Friday, October 9, 2009

Seriously??

I really didn't know this happened, as I was playing the game on Monday - not watching it.

Can ESPN really be this dumb?

What a bunch of idiots.

Thursday, October 8, 2009

Esteban has it right...

Chad Ochocinco (The player formerly known as Chad Johnson) of the Cincinnati Bengals did something that can only be described as PURE GENIUS last year.

He changed his name.

You may ask why I view that as genius. It's simple, really.

Jersey sales = dollars.

Let's say you're a HUGE Chad fan. You've dropped the $300 to buy his authentic jersey. (Side note: Anything but an authentic, on-field jersey is crap.)

So anyway - you go to your local bar, wearing your jersey, and what do you know... Chad "Johnson" doesn't play for the Bengals anymore. Chad "OCHOCINCO," however, does.

Translation - you're about to be out another $300. (And Chad Ochocinco is about to get another paycheck.)

So what does everyone think? Dare I change my name to "El Cuatro?"

Vier?
Quatre?
Fyra?

Honestly, I could do this every year (for different teams, of course) and my jersey sales would SKYROCKET.

Chad - you are a marketing genius. Period.

Sunday, October 4, 2009

Spa Day yesterday

After the thrashing I put on the Packers Monday night - I decided to take Tuesday off. No game film, no practice, no trainers - nothing. Hell, I earned it.

I spent my entire day at the Solimar Day Spa. What a totally fabulous day.

I got a facial, a pedicure, a "body & soak journey," and even treated my self to a little waxing. (Where, you ask? I'll never tell!)

I highly recommend their services. Be sure to ask for Kim Spinner.

Friday, October 2, 2009

Joe Heller - You little bitch

Joe Heller of the Green Bay Press Gazette has done it again...

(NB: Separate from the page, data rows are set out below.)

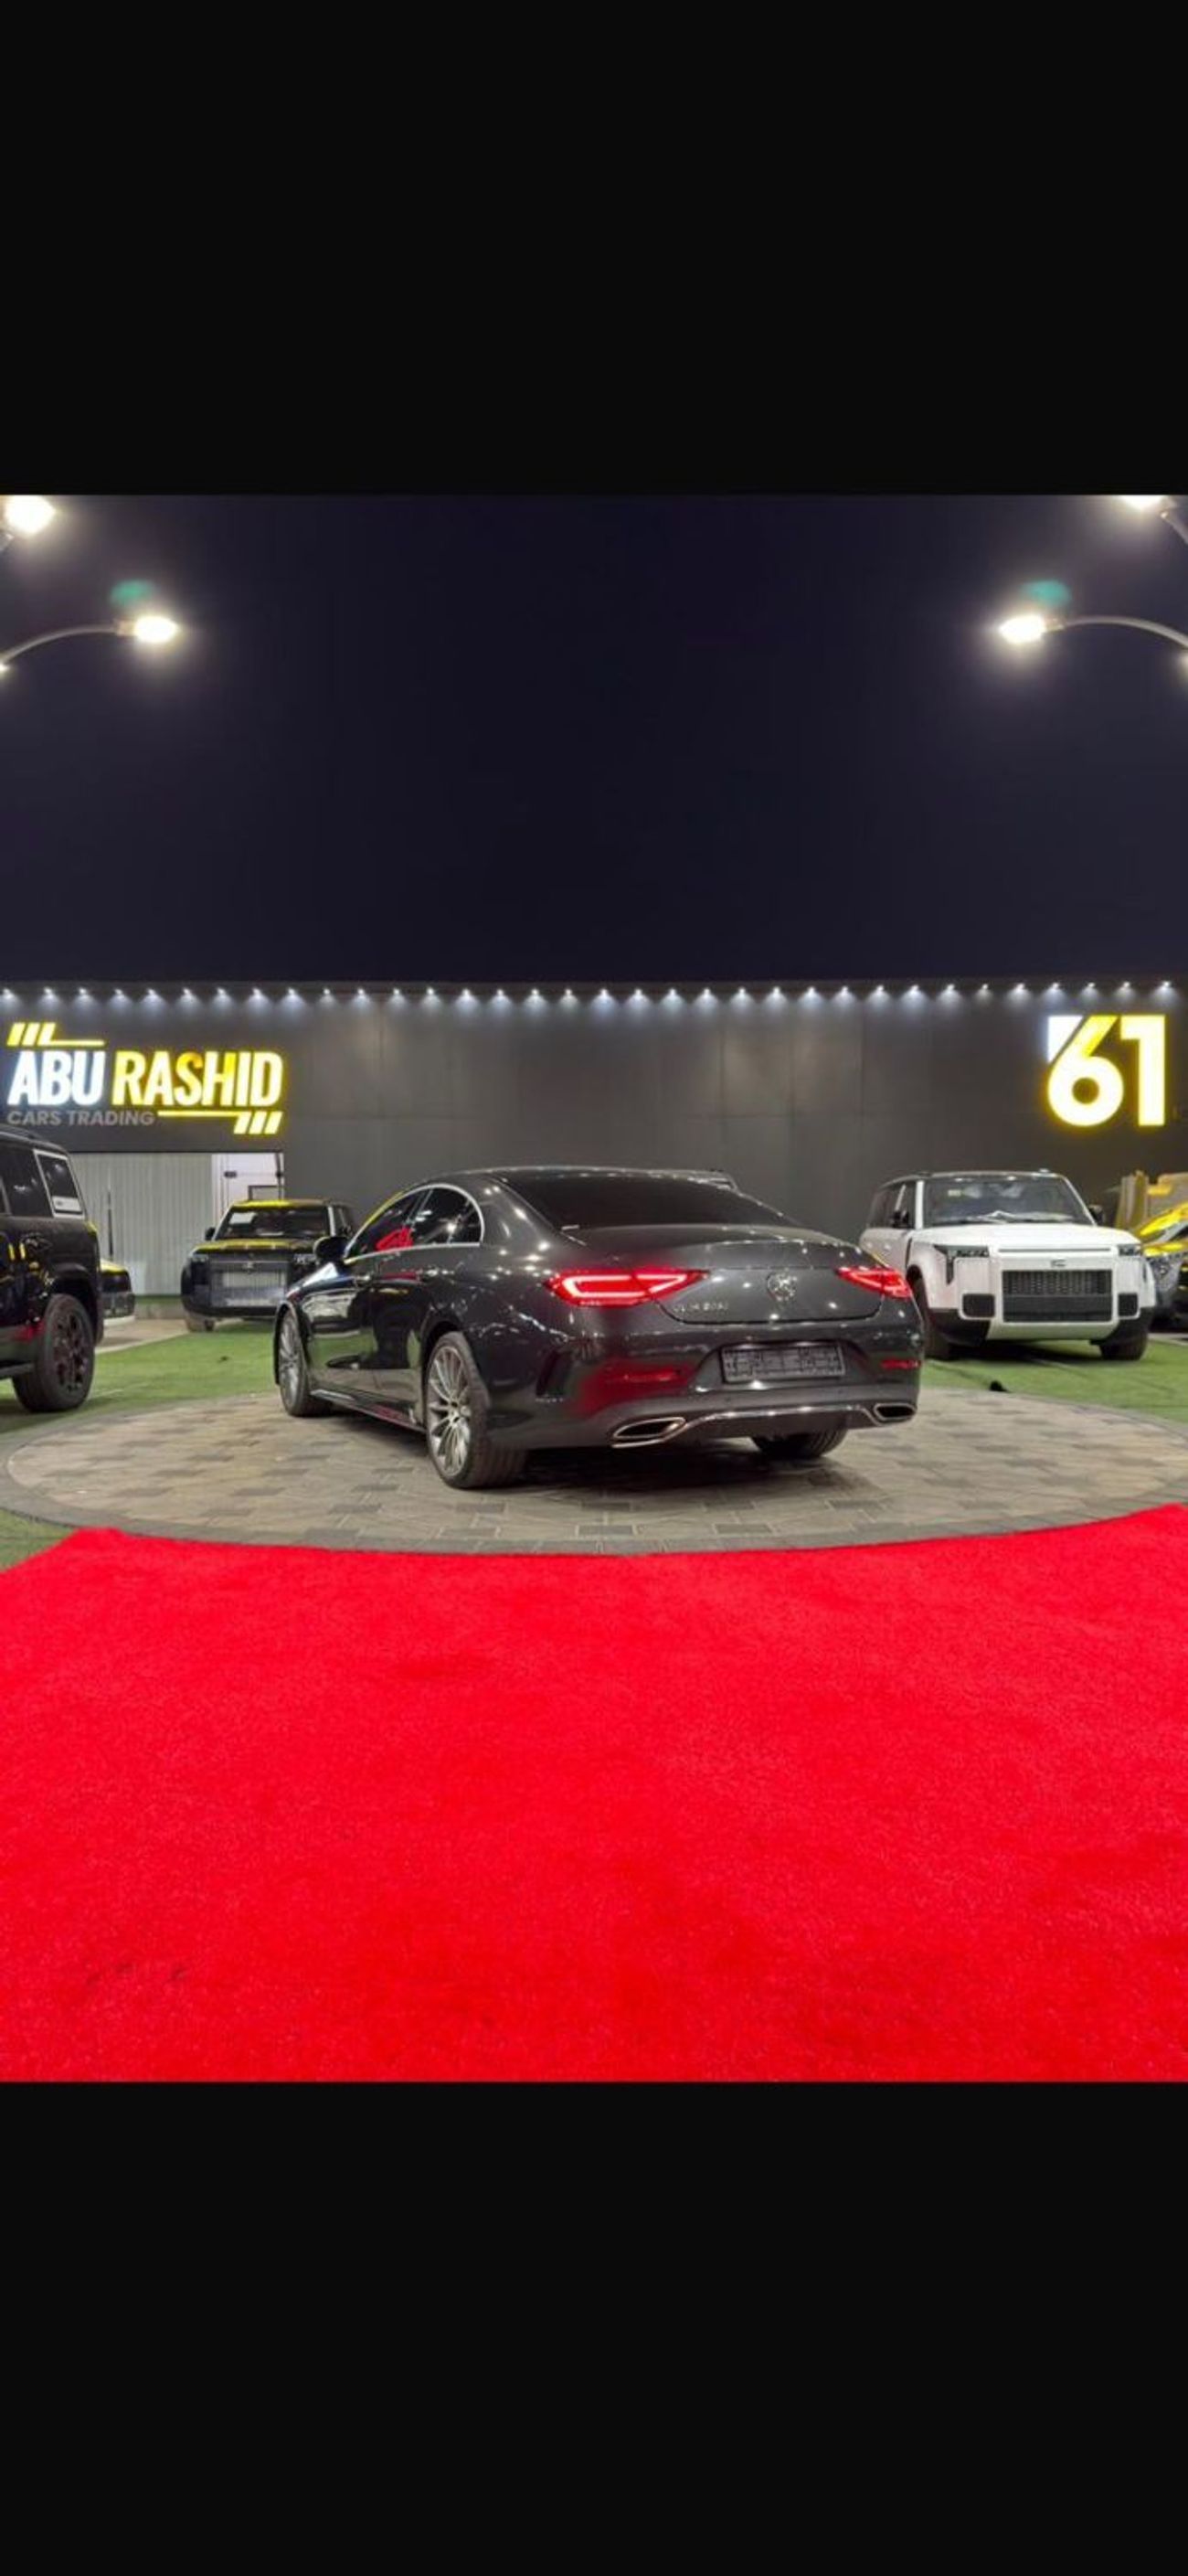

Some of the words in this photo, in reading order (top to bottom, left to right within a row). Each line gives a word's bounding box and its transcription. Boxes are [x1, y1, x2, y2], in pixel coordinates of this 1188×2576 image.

[6, 1050, 106, 1106] ABU
[111, 1050, 283, 1107] RASHID
[1047, 1015, 1165, 1127] 61
[6, 1111, 62, 1125] CARS
[67, 1110, 155, 1126] TRADING

You little bitch. You'll get yours. I can't wait to see the cartoon you draw on Tuesday morning.

Thursday, October 1, 2009

Ed Gein? Seriously?

Check this out. I can't make this shit up.

So let me get this straight Chilly - you want me to kill people now?

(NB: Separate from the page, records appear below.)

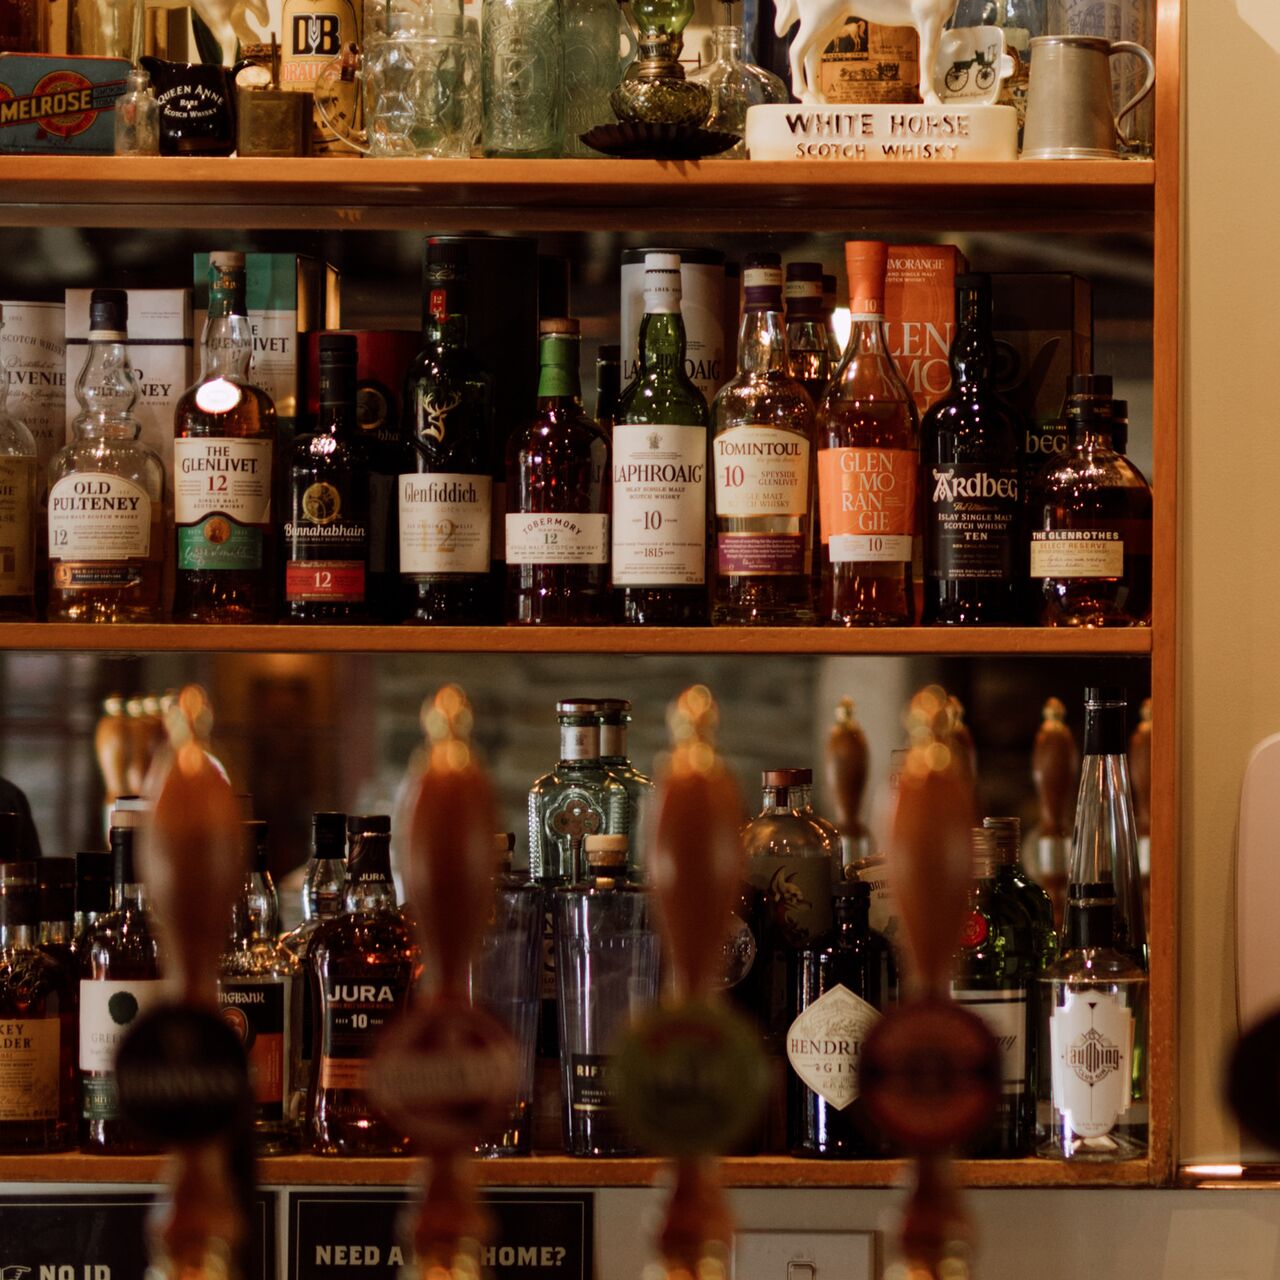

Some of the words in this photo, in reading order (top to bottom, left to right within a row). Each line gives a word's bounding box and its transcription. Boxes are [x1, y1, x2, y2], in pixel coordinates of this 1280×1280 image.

[157, 84, 192, 105] QUEEN
[194, 84, 224, 106] ANNE
[0, 88, 92, 123] MELROSE
[785, 113, 874, 137] WHITE
[890, 113, 971, 137] HORSE
[796, 143, 867, 161] SCOTCH
[881, 143, 961, 161] WHISKY
[864, 299, 877, 312] 10
[2, 334, 37, 345] SCOTCH
[8, 371, 66, 386] LVENIE
[206, 446, 230, 457] THE
[718, 440, 802, 456] TOMINTOUL
[840, 452, 894, 473] GLEN
[614, 463, 704, 483] LAPHROAIG
[724, 465, 745, 488] 10
[761, 470, 796, 479] SPEYSIDE
[74, 481, 111, 495] OLD
[207, 474, 228, 492] 12
[758, 478, 798, 487] GLENLIVET
[860, 472, 895, 492] MO
[404, 481, 477, 504] Glenfiddich
[762, 492, 784, 500] MALT
[53, 496, 140, 511] PULTENEY
[760, 500, 791, 508] WHISKY
[842, 492, 883, 512] RAN
[644, 510, 663, 530] 10
[859, 511, 890, 531] GIE
[938, 512, 960, 521] ISLAY
[961, 512, 992, 521] SINGLE
[994, 513, 1013, 521] MALT
[283, 523, 367, 537] Bunnahabhain
[522, 517, 583, 536] TOBERMORY
[943, 522, 974, 530] SCOTCH
[976, 522, 1008, 530] WHISKY
[53, 528, 68, 546] 12
[544, 532, 558, 545] 12
[964, 531, 988, 541] TEN
[1032, 531, 1047, 540] THE
[1048, 531, 1119, 540] GLENROTHES
[868, 537, 883, 552] 10
[644, 547, 664, 558] 1815
[314, 571, 332, 588] 12
[359, 873, 386, 881] JURA
[327, 985, 394, 1002] JURA
[351, 1013, 368, 1029] 10
[823, 1062, 858, 1074] GIN
[315, 1245, 381, 1266] NEED
[387, 1245, 405, 1266] A
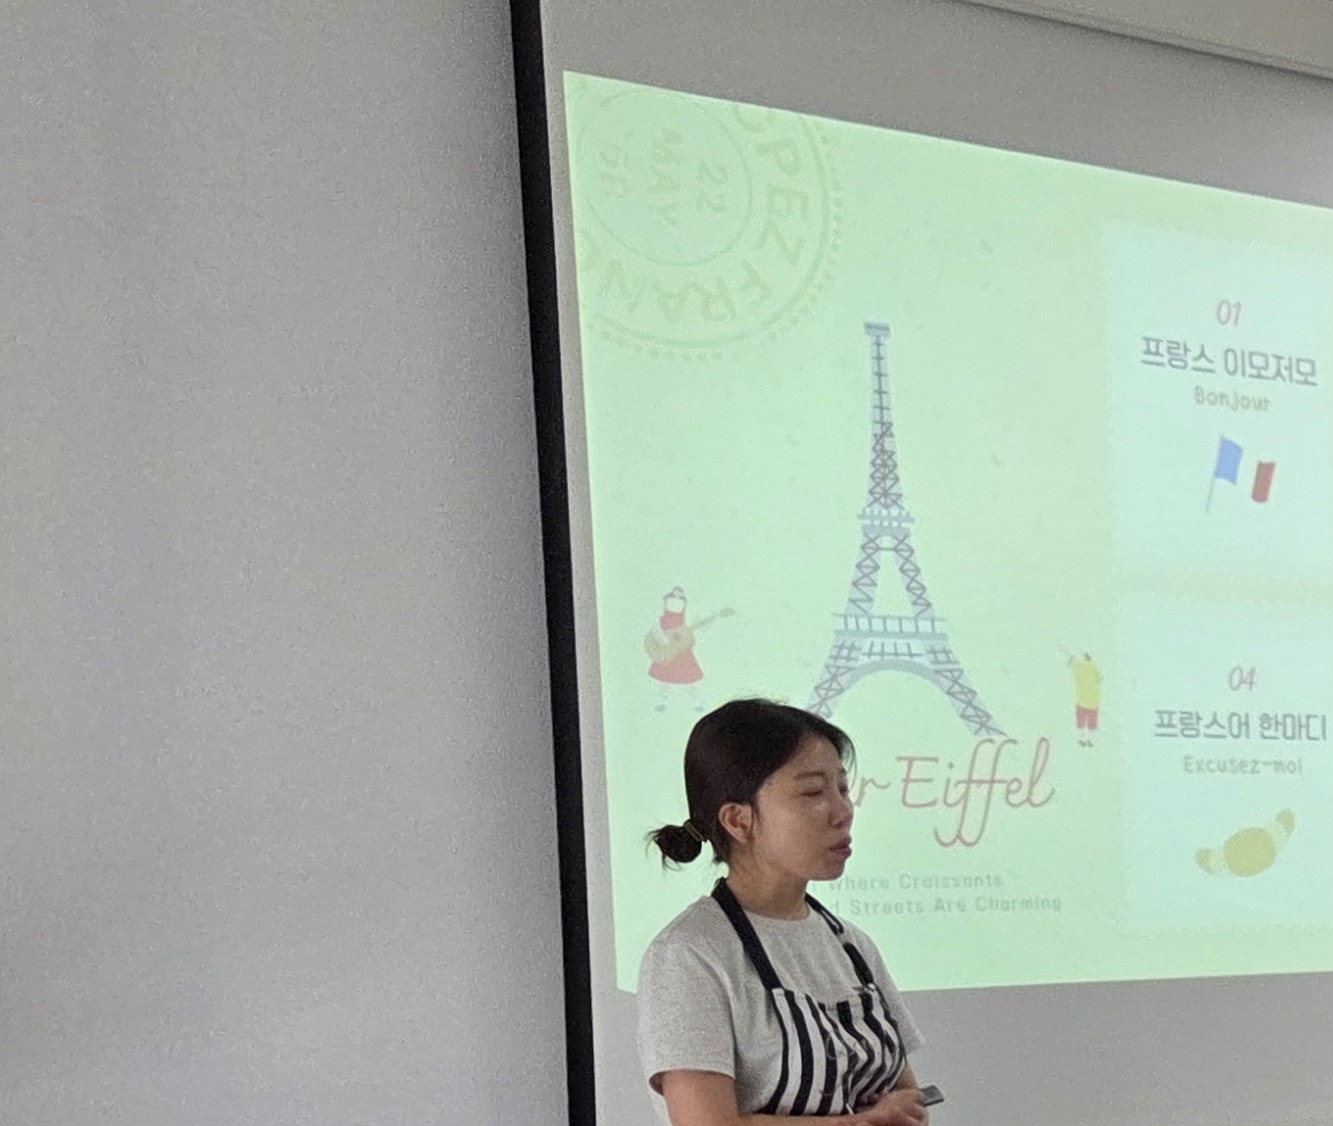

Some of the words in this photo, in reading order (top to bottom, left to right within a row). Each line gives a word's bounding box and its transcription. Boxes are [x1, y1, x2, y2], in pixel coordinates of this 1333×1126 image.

[1216, 299, 1242, 327] 01
[1141, 336, 1216, 374] 프랑스
[1223, 347, 1318, 387] 이모저모
[1194, 385, 1271, 412] Bonjour
[1228, 666, 1257, 692] 04
[1154, 710, 1250, 739] 프랑스어
[1259, 712, 1328, 741] 한마디
[1183, 755, 1304, 775] Excusez-moi
[896, 737, 1056, 847] Eiffel
[899, 873, 1004, 891] Croissants
[850, 898, 925, 917] Streets
[934, 896, 968, 914] Are
[975, 895, 1063, 914] Charming

Granted - everyone from announcers, to sports writers, to ESPN anchors have given me a pass on everything I've done - but I think if I really DO kill someone - I'll get called on it.

On an unrelated note - does anyone know where Ted Thompson's seats are for Monday?

Gotta Make the donuts...

So I decided to take the day off yesterday.

Let's face it - I don't need practice. I'm at the top of my game. I know it. Always did know it. It just took one stupid pass to win the game against San Francisco, and look at that. You're all on board now.

So I had nothing to do.

I took a ride to the Old Fashioned Donut Shoppe. (I love any business attempting to get the "old world feel" by adding an "PE" to the word "Shop." It's genius, actually.

Isn't it amazing that by adding 2 little letters, you get instant gravitas. (Kind of like adding "BF" to the Vikings. I'm just sayin'...)

So I walk in - and instantly the staff knows. Brett is here. We need to make this special.

So Joe, the owner, invites me back to see the process. It's really not a whole lot different than football.

You put a bunch of ingredients in a bowl, (locker room) mix them up, (training camp) mold all of it into a shape that you find appealing and discard the unnecessary, (roster cuts) and then cook it. (games)

What you get is really pretty good. But it's not done yet. You're missing one critical piece that separates it all.

Toppings.

Let's call it like it is. You could top a donut with sour cream (Sage Rosenfels) or you could top it with turkey gravy. (Tavaris Jackson) But realistically, who'd pay for that crap? (Season ticket sales)

No, no, no... You top a donut with the sweetest, most magnificent thing in the world. Icing. (Brett Favre)

Then - the donut is amazing. It's perfection in a circle. (Super Bowl.)

I'm not saying that I guarantee I'll win another Super Bowl this year. But I'm sure as hell not saying that I wont.